**Task prompt:**
Pictures do not belong in the copy; print every entry exactly as it stands.

**Data:**

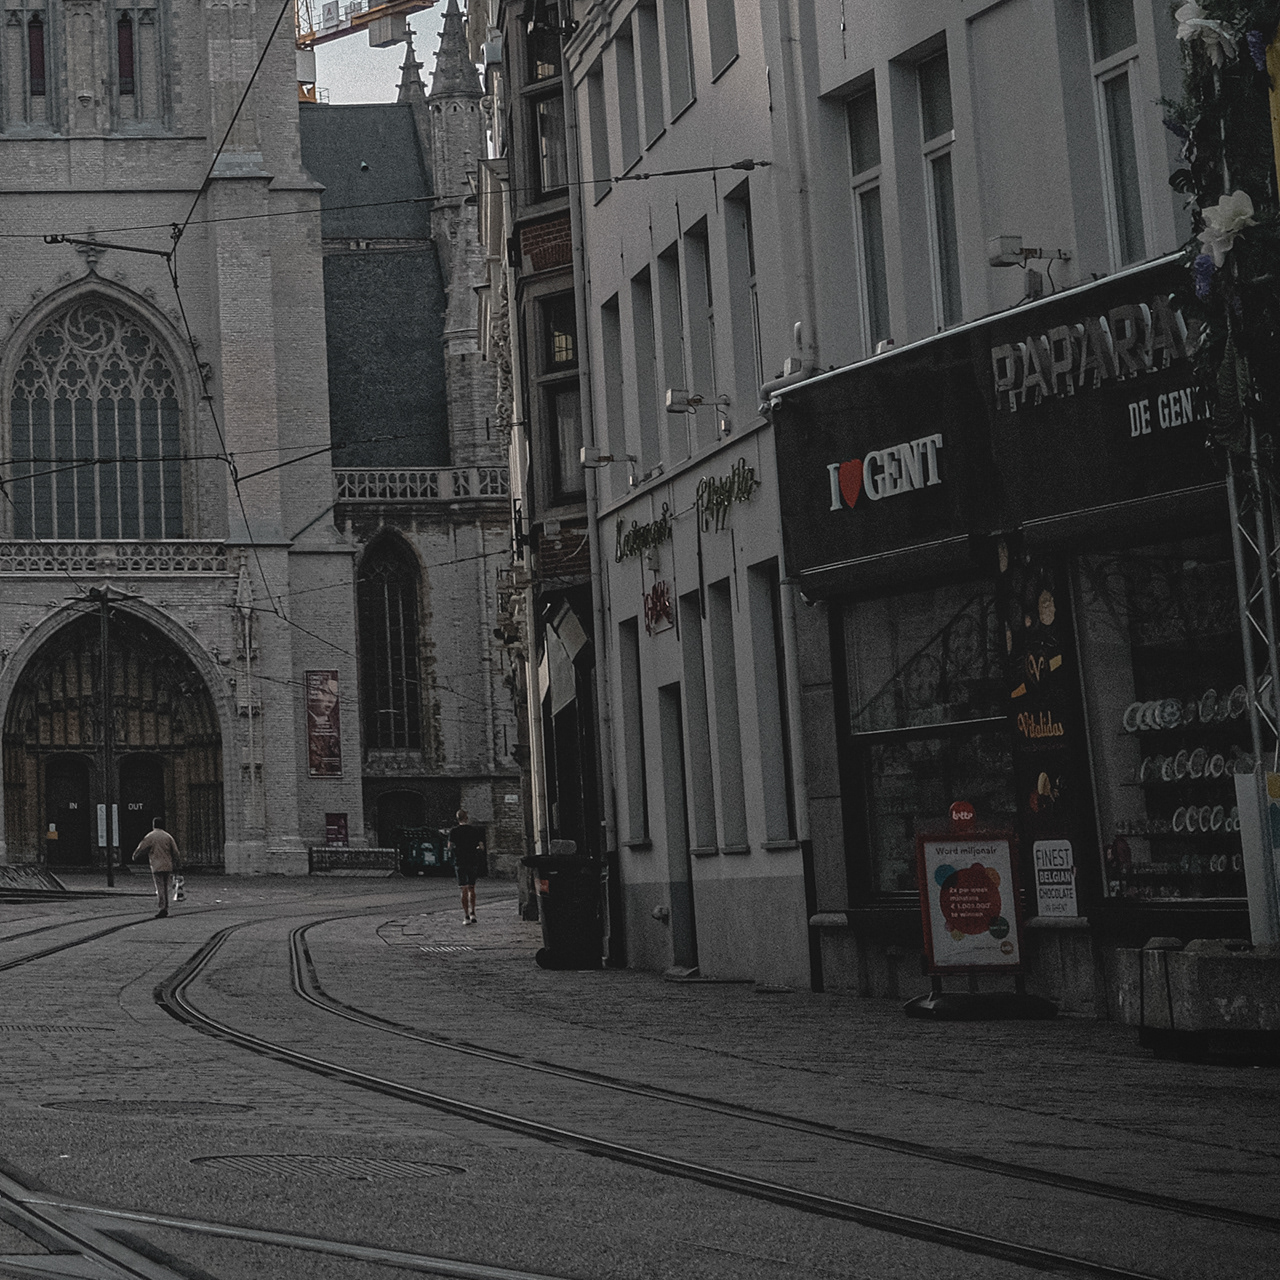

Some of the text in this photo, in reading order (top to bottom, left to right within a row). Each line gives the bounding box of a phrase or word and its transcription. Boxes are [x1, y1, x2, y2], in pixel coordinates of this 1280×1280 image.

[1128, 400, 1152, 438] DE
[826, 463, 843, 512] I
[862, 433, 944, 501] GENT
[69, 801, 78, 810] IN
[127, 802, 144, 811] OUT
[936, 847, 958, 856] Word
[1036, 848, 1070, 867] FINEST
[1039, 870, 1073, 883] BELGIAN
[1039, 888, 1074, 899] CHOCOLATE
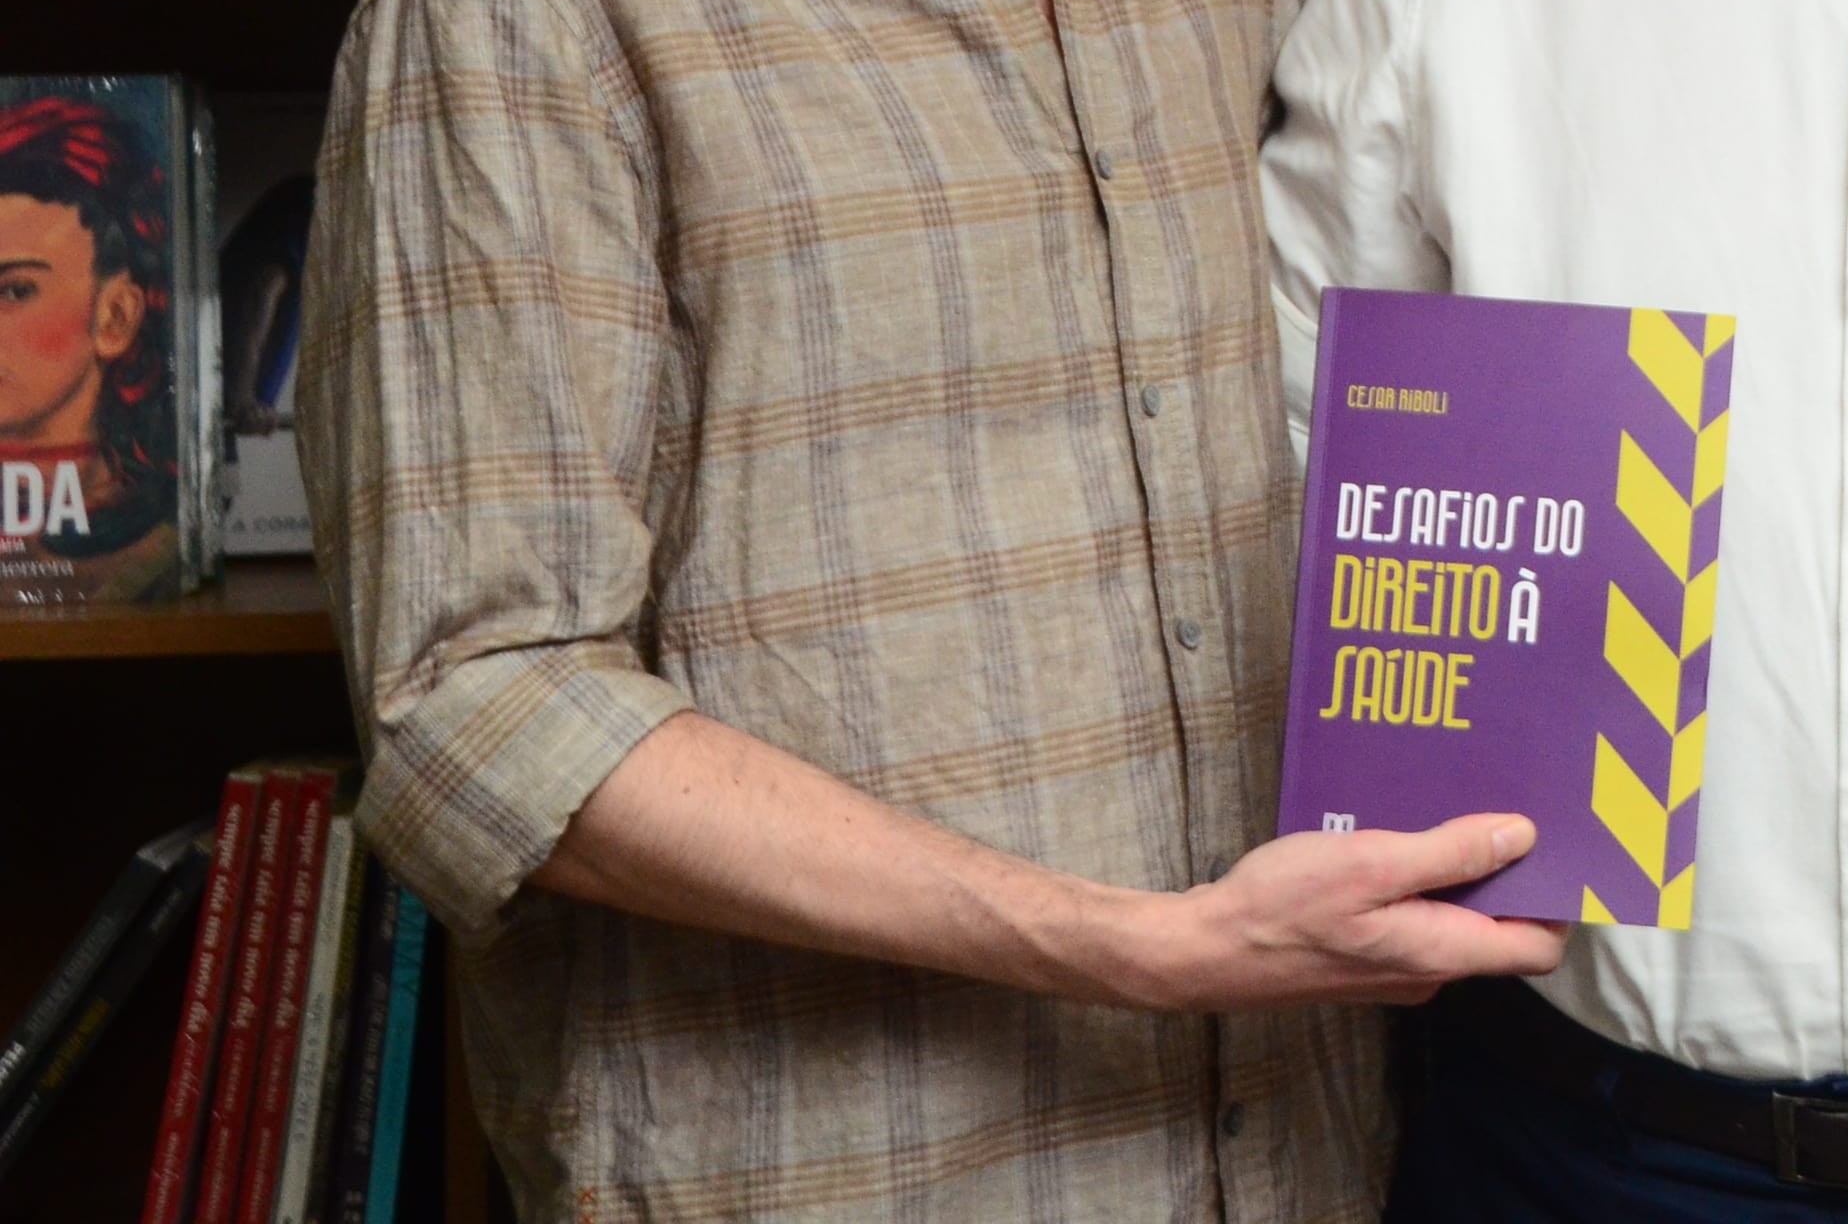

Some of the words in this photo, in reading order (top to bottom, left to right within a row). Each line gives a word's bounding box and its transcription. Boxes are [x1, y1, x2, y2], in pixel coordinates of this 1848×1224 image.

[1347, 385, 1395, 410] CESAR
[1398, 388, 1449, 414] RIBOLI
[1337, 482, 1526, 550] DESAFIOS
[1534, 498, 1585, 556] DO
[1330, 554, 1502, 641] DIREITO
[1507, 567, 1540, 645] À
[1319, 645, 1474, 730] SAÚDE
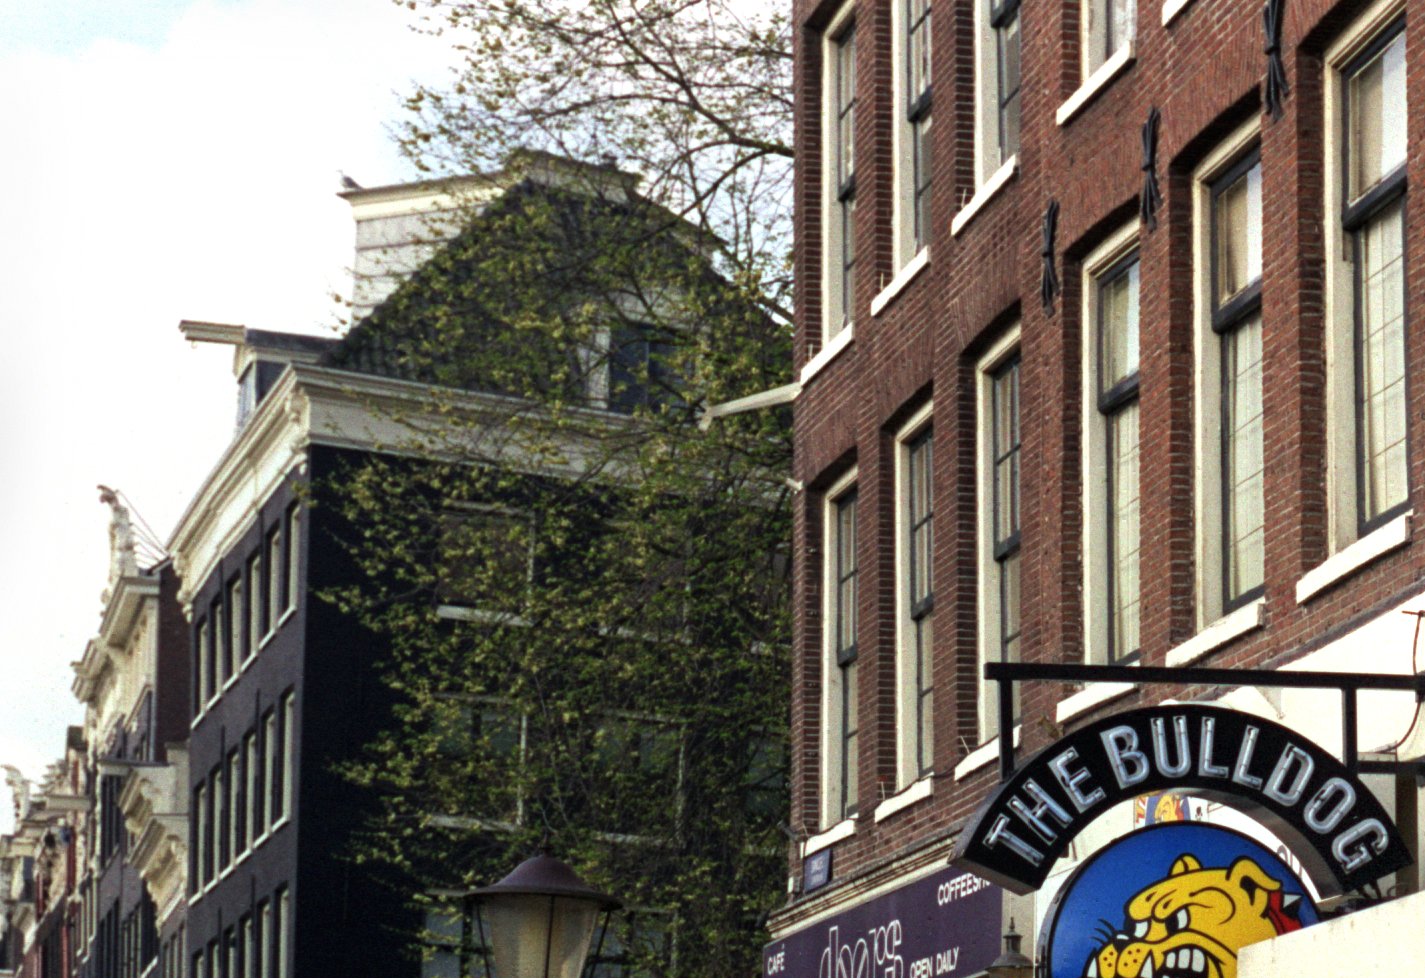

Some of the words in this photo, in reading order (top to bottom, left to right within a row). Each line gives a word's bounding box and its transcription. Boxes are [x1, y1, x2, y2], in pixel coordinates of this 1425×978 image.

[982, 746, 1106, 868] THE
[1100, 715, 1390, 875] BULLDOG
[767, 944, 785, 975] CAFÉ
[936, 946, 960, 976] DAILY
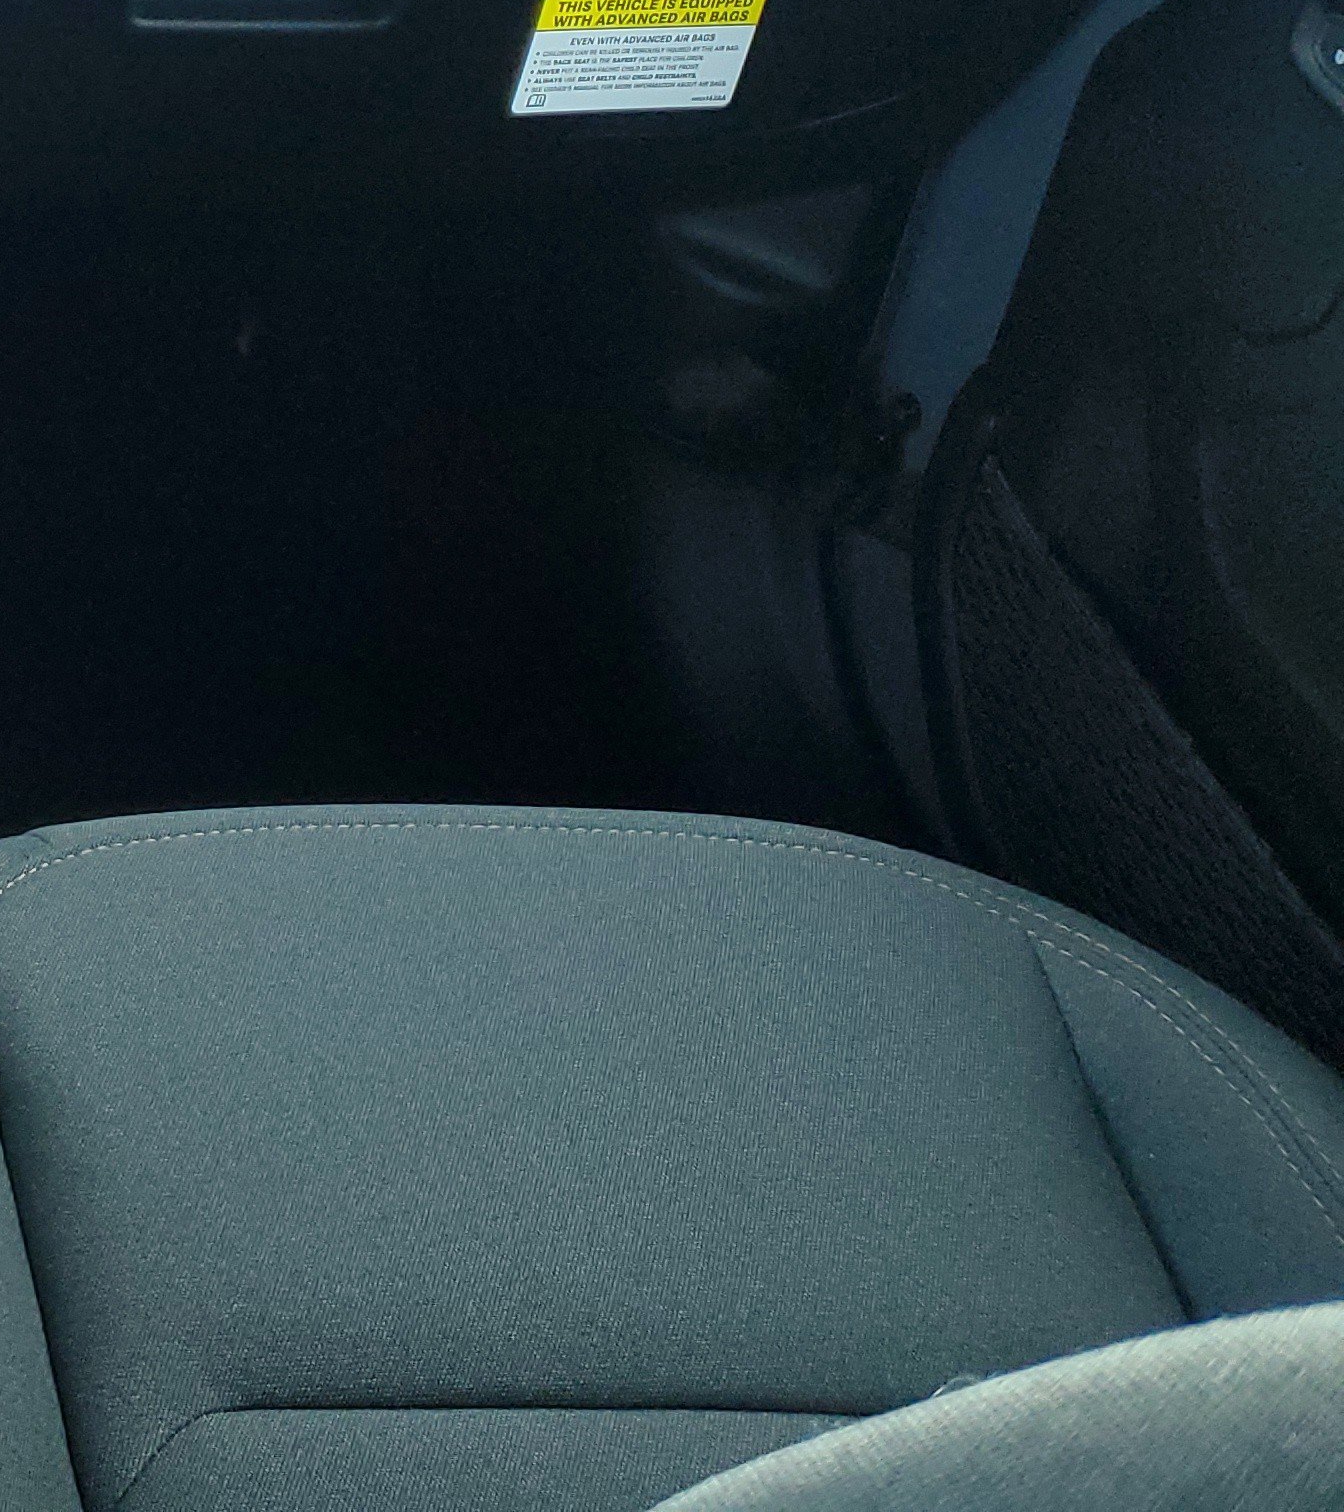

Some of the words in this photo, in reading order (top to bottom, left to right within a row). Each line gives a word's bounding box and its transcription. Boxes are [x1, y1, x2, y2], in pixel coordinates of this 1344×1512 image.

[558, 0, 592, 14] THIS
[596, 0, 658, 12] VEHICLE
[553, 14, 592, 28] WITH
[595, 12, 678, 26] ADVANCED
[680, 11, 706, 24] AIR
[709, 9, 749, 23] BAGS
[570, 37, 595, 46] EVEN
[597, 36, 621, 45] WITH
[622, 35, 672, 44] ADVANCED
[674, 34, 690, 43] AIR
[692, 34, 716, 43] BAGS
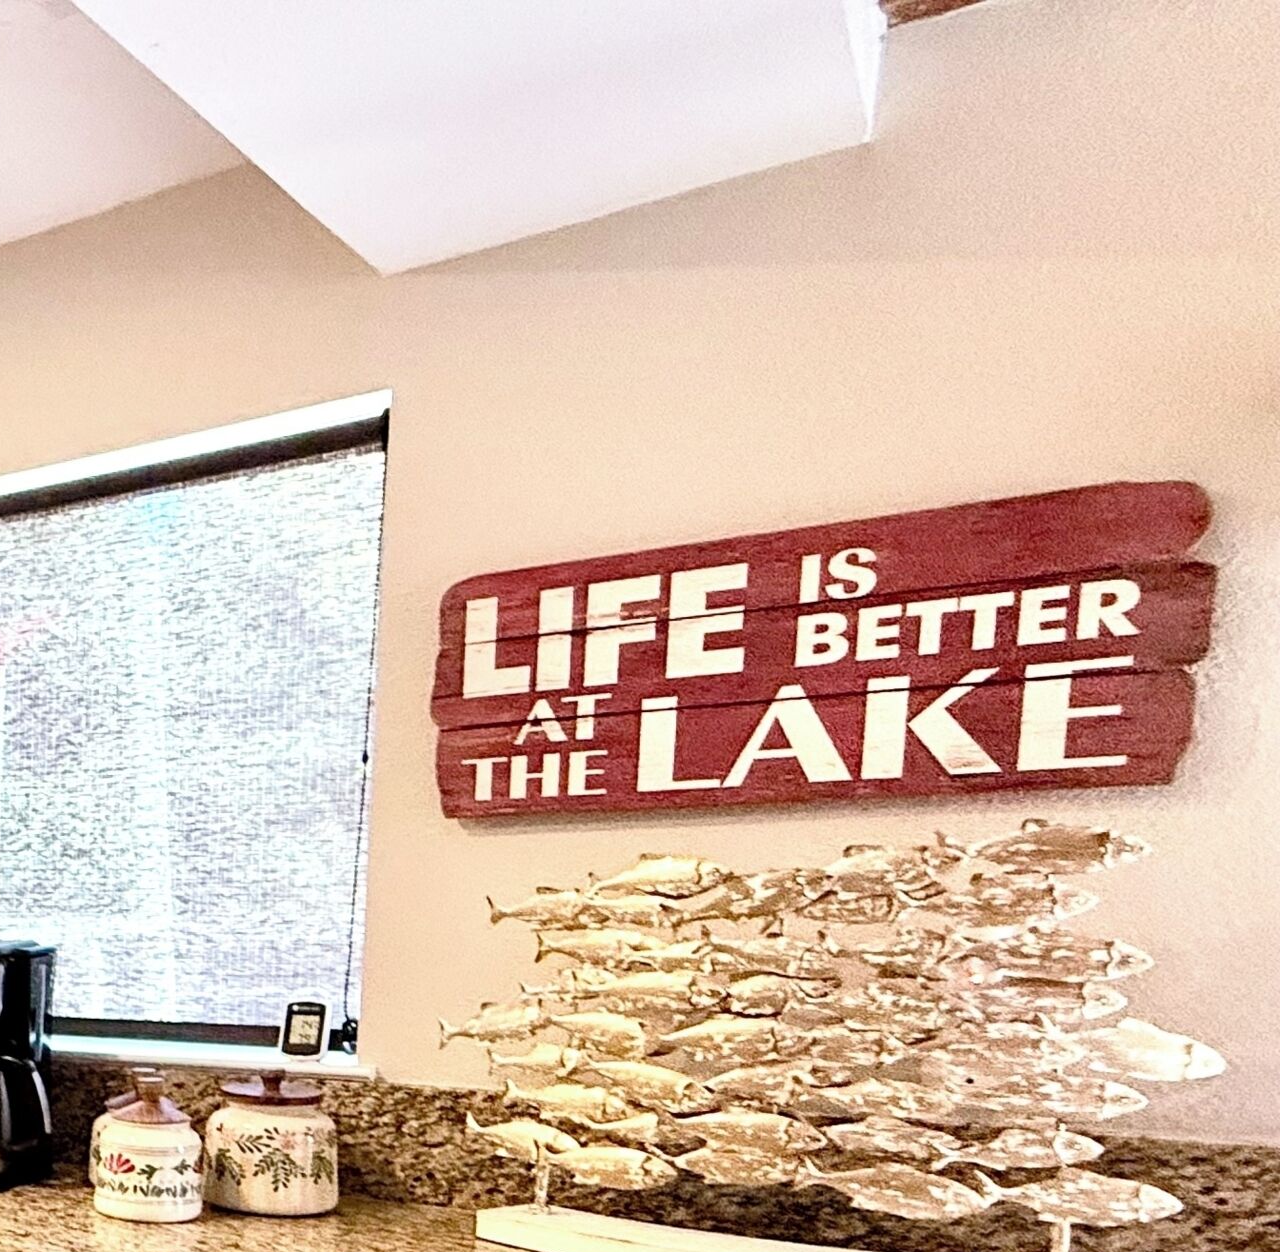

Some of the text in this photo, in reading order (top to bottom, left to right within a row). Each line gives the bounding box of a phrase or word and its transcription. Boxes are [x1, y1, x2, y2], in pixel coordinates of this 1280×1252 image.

**Answer section:**
Some of the text in this photo, in reading order (top to bottom, left to right within a row). Each line gives the bounding box of a phrase or word and its transcription. Boxes are [x1, y1, x2, y2], in pixel coordinates of this 1280×1280 image.

[1128, 400, 1152, 438] DE
[826, 463, 843, 512] I
[862, 433, 944, 501] GENT
[69, 801, 78, 810] IN
[127, 802, 144, 811] OUT
[936, 847, 958, 856] Word
[1036, 848, 1070, 867] FINEST
[1039, 870, 1073, 883] BELGIAN
[1039, 888, 1074, 899] CHOCOLATE

Some of the words in this photo, in reading order (top to bottom, left to right within a row). Each line gives a word's bounding box and its transcription. Boxes are [x1, y1, x2, y2], in pixel coordinates of this 1848×1224 image.

[1347, 385, 1395, 410] CESAR
[1398, 388, 1449, 414] RIBOLI
[1337, 482, 1526, 550] DESAFIOS
[1534, 498, 1585, 556] DO
[1330, 554, 1502, 641] DIREITO
[1507, 567, 1540, 645] À
[1319, 645, 1474, 730] SAÚDE

Some of the words in this photo, in reading order (top to bottom, left to right within a row). Each line gives a word's bounding box and its transcription. Boxes are [x1, y1, x2, y2], in pixel coordinates of this 1425×978 image.

[982, 746, 1106, 868] THE
[1100, 715, 1390, 875] BULLDOG
[767, 944, 785, 975] CAFÉ
[936, 946, 960, 976] DAILY

Some of the words in this photo, in reading order (top to bottom, left to right within a row). Each line gives a word's bounding box and its transcription. Boxes are [x1, y1, x2, y2], in pixel coordinates of this 1344×1512 image.

[558, 0, 592, 14] THIS
[596, 0, 658, 12] VEHICLE
[553, 14, 592, 28] WITH
[595, 12, 678, 26] ADVANCED
[680, 11, 706, 24] AIR
[709, 9, 749, 23] BAGS
[570, 37, 595, 46] EVEN
[597, 36, 621, 45] WITH
[622, 35, 672, 44] ADVANCED
[674, 34, 690, 43] AIR
[692, 34, 716, 43] BAGS

Some of the text in this photo, in reading order (top to bottom, left to right within a row). Each line gives the bounding box of a phrase or word and its transcription. Boxes are [x1, y1, x2, y2], in pixel coordinates of this 1280×1252 image.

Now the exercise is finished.